Os historiadores não se limitam a estudar a História, chegam mesmo a fazê-la. Vou dar três exemplos:

1) é sobejamente conhecida a incapacidade ortográfica de Pacheco Pereira na língua portuguesa, através do seu blogue, Abrupto (sobre este assunto de estado, conferir esse belo livro que dá pelo nome de Gato Fedorento - O Blog), mas a forma como diz “upgrade”, como se viu, ontem, no programa Prós e Contras, consegue ser mais hilariante (ou deprimente).

2) Miguel Portas, também ele historiador (se não é, passa a ser porque me convém), no mesmo programa, competiu ao vivo com as calinadas que o historiador supracitado escreve. Diz-se “treze”, não “treuze”. Que vergonha! O irmão do Paulinho das Feiras disse umas belas vezes “treuze”. Isso não se diz, pá! Ouvistes?

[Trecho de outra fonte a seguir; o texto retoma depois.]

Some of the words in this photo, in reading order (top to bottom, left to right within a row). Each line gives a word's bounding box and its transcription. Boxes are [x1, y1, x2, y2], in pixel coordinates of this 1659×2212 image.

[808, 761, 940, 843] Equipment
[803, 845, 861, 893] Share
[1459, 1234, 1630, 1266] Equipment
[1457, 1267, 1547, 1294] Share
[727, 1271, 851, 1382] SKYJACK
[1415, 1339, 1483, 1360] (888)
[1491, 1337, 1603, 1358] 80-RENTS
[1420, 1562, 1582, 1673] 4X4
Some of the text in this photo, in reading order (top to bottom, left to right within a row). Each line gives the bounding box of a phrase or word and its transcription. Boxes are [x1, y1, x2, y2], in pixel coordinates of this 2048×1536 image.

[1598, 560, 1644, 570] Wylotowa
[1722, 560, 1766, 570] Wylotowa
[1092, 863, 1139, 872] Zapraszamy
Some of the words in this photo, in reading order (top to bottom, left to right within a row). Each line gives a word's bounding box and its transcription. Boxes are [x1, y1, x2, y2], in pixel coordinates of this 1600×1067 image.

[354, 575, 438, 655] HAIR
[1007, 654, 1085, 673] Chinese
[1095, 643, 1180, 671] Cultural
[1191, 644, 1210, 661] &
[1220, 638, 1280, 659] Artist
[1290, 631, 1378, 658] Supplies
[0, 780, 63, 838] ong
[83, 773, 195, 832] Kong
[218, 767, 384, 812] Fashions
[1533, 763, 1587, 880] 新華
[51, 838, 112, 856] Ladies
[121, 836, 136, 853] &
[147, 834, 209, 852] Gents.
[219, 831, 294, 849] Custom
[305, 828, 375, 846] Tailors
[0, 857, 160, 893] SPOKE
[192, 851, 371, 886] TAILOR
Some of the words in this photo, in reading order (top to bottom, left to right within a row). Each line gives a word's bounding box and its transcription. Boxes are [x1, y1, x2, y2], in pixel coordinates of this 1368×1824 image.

3) Fernando Rosas, deputado do BE, foi apresentar, no dia anterior, domingo, ao jornal da RTP2, o seu novo livro, Lisboa Revolucionária – Roteiro dos confrontos armados no século XX. Ele lá esteve a falar de revoluções e pardais ao ninho, mas o que me chamou a atenção foi ter assistido a algo inédito. “O quê?! O quê?!” Vi, pela primeira vez (“Daí ser inédito, ó estúpido!”), Fernando Rosas sem suspensórios. Todo eu estou parvo! É nestas alturas que acredito que o mundo poderá ser bem melhor, ou seja, sem escuteiros, com aquele vestuário - e cançõezinhas – irritantes. Sobre estes, talvez volte a falar. Ou então não! Para quê o trabalho?!